The delegates, who are language and literature professors, voted almost unanimously for the resolution, one of three put to a vote at the convention Saturday during a meeting where representatives of the association's membership vote on what positions the MLA will take on a range of issues. Saturday's session was calmer than delegate assemblies in years past, which have in some years been consumed with heated political debates (or meta-debates on whether the MLA should be taking positions on those issues at all). 

The CUNY program, known as Pathways, is intended to make it easier for students to transfer and to create common academic standards throughout the system. But it has met with strong resistance from faculty, some of whom argue that Pathways takes too much power away from individual campuses and departments, and that it is making the curriculum less rigorous.

In the resolution, the association came out in support of the faculty, arguing that the administration had bypassed faculty governance and overridden professors' rights to determine curriculum and graduation requirements.

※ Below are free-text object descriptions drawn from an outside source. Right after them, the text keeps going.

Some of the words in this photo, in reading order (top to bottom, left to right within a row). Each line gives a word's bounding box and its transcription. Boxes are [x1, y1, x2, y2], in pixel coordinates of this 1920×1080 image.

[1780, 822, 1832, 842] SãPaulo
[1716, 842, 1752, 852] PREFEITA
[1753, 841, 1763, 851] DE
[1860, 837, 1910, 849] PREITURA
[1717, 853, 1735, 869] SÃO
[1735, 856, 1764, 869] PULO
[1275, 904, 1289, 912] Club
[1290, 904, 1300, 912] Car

The resolution, which now goes to the association's executive committee for review and later to the full membership for a vote, also supported faculty decisions to withhold implementation of the new curriculum. In a statement, CUNY officials emphasized faculty participation in the program -- the courses have been developed and approved by full-time faculty -- and said the "structural obstacles" to easing transfer created an exceptional situation necessitating administration intervention. (Note: A previous version of this article said that CUNY officials could not be reached for comment; an e-mail sent to university officials did not arrive due to a technical error. The article has been updated to reflect the administration's response.)

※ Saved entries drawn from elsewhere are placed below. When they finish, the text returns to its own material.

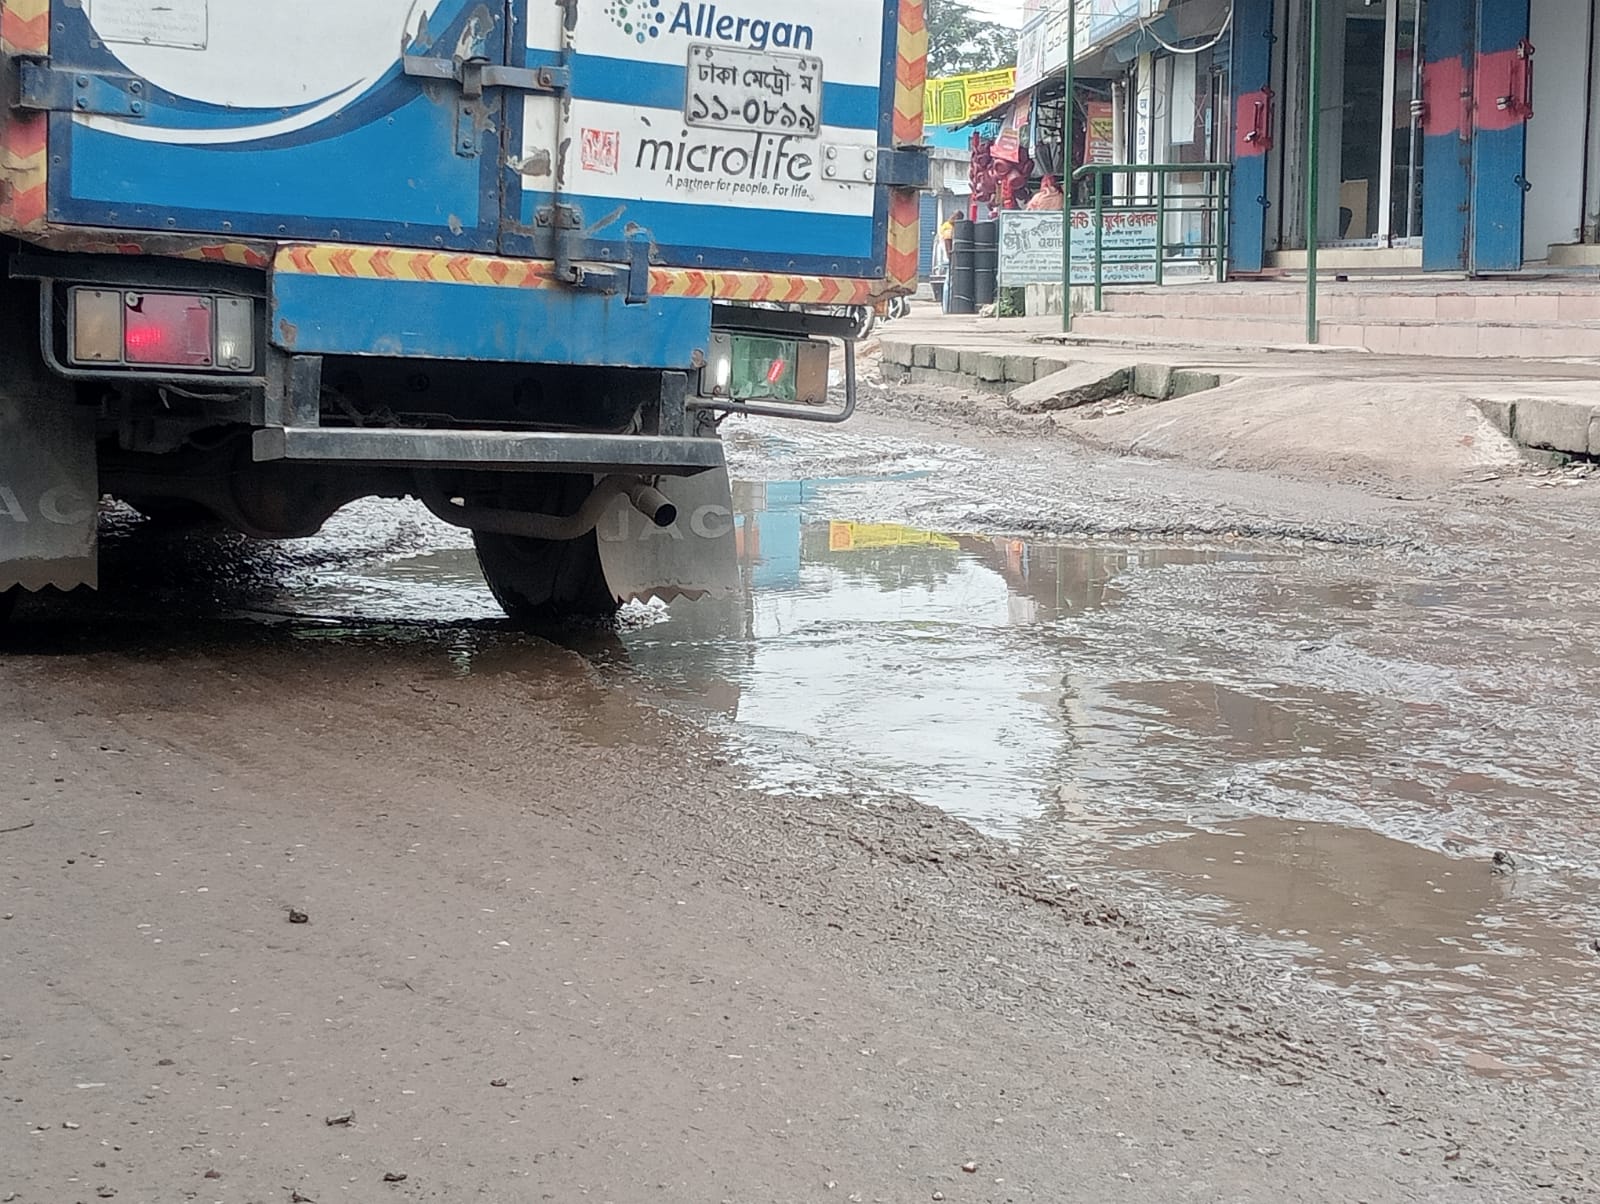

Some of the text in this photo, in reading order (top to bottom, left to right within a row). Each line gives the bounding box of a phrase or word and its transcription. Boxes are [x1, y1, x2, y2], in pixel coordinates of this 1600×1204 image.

[669, 2, 813, 50] Allergan
[697, 63, 738, 85] ঢাকা
[691, 93, 815, 130] ১১-০৮৯৯
[635, 129, 812, 181] microlife
[665, 174, 810, 198] A partner for people. For life.

Delegates voted nearly unanimously for two other resolutions. One resolution called for better data on salaries and working conditions for part-time and contingent faculty members, moving that the MLA become more active on issues important to adjuncts and part-time faculty. The motion calls for the MLA to promote the collection of national data on part-time faculty pay and working conditions. It also demanded the establishment of a database of colleges who meet MLA recommendations for the pay and working conditions for part-time faculty -- a sort of honor roll of colleges meeting the association's standards.

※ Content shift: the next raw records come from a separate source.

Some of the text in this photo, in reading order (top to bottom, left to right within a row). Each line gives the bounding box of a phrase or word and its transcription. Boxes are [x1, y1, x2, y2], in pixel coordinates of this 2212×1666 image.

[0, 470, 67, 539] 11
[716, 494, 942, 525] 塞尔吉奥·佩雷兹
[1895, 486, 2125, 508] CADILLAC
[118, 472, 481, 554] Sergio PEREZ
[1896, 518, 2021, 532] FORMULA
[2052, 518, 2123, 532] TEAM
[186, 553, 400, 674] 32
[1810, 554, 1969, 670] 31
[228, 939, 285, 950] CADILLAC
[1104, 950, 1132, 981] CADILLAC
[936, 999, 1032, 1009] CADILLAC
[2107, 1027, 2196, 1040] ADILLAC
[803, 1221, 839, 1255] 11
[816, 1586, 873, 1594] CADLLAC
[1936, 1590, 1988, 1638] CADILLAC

The third resolution expressed the MLA’s support for a statement on gun violence from the Association of American Universities issued last week. The statement called gun violence a “scourge of American life,” and asked for added gun control, better mental health care and an examination of how violence is depicted in American media.

Among delegates, there was little disagreement about the substance of the resolutions. During the four-hour meeting, which also included an hourlong discussion of faculty concerns about massive open online courses, much of the debate centered instead on wording and procedural issues.